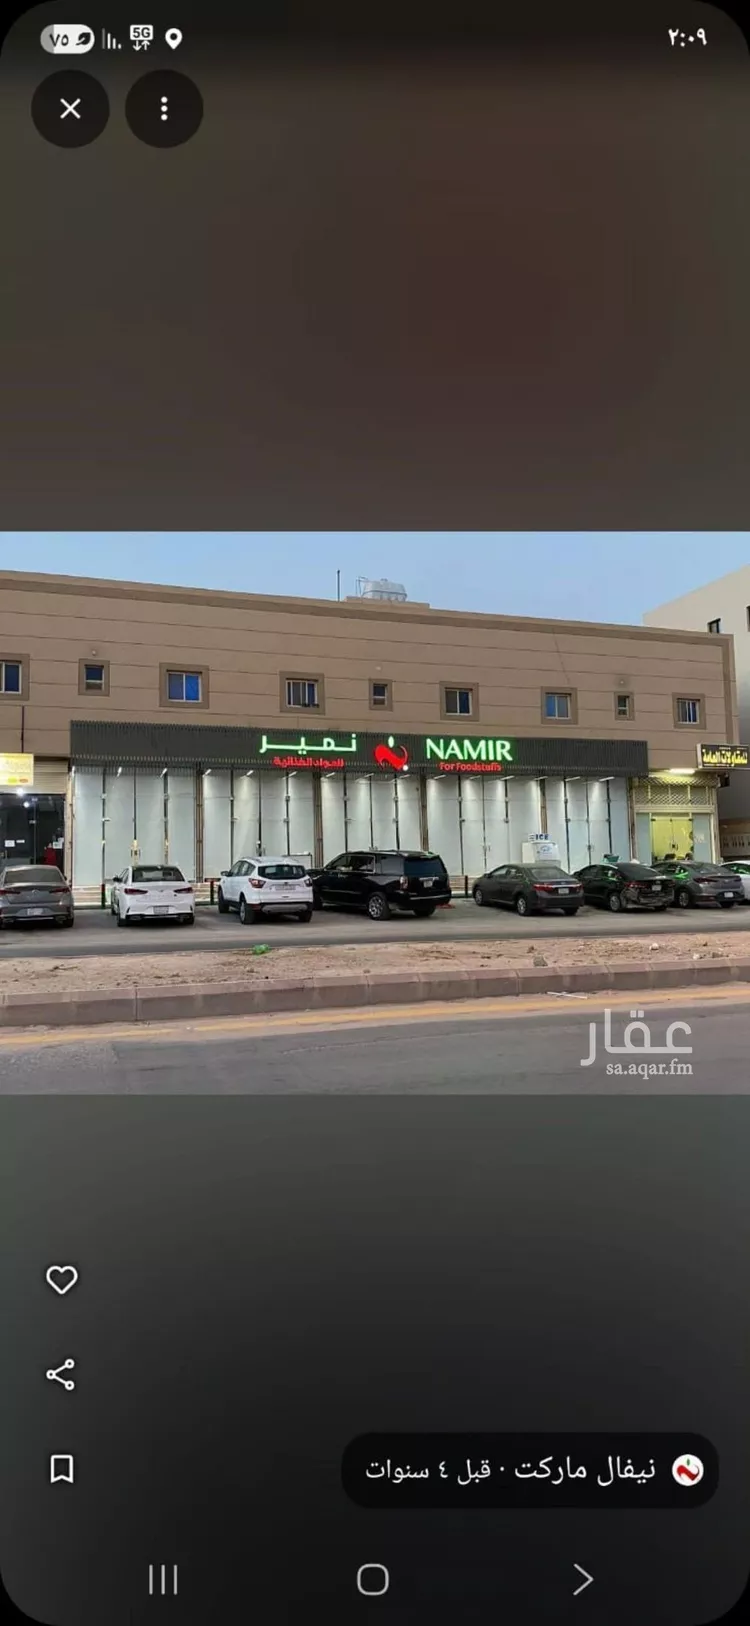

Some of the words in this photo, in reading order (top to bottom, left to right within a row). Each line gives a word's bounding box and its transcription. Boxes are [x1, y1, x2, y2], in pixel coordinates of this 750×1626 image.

[259, 733, 356, 755] نمير
[426, 738, 513, 761] NAMIR
[313, 758, 344, 768] للمواد
[440, 762, 455, 771] For
[456, 762, 502, 772] Foodstuffs
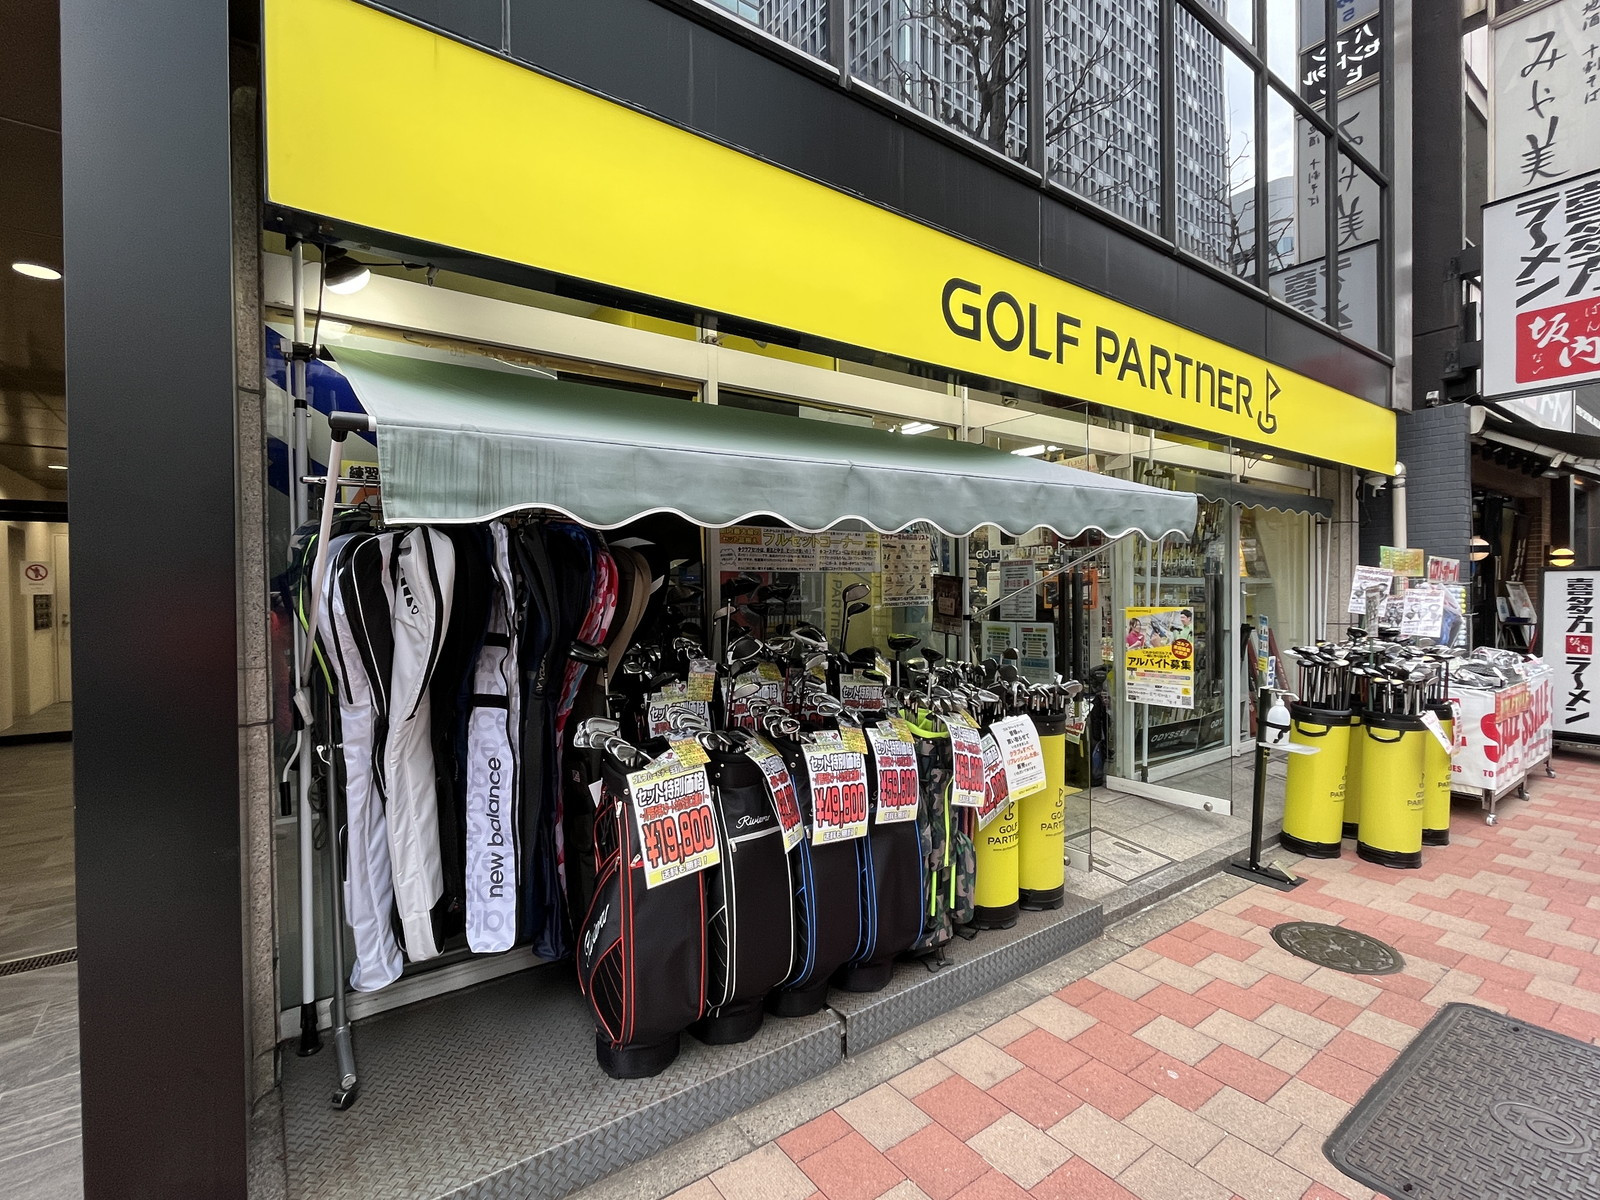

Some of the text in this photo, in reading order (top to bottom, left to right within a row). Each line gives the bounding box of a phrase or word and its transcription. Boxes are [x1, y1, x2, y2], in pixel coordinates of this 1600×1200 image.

|---|

[The task]: Once the pictures are dropped, please print every remaining line of the material verbatim.

[Answer for the task]:
Some of the words in this photo, in reading order (top to bottom, left to right within a row). Each line gives a word's bounding box and its transcription. Boxes are [x1, y1, x2, y2], in pixel coordinates of this 750×1626 image.

[259, 733, 356, 755] نمير
[426, 738, 513, 761] NAMIR
[313, 758, 344, 768] للمواد
[440, 762, 455, 771] For
[456, 762, 502, 772] Foodstuffs

Some of the text in this photo, in reading order (top to bottom, left to right within a row). Each line gives the bounding box of a phrase or word and its transcription. Boxes are [x1, y1, x2, y2], in pixel coordinates of this 1600×1200 image.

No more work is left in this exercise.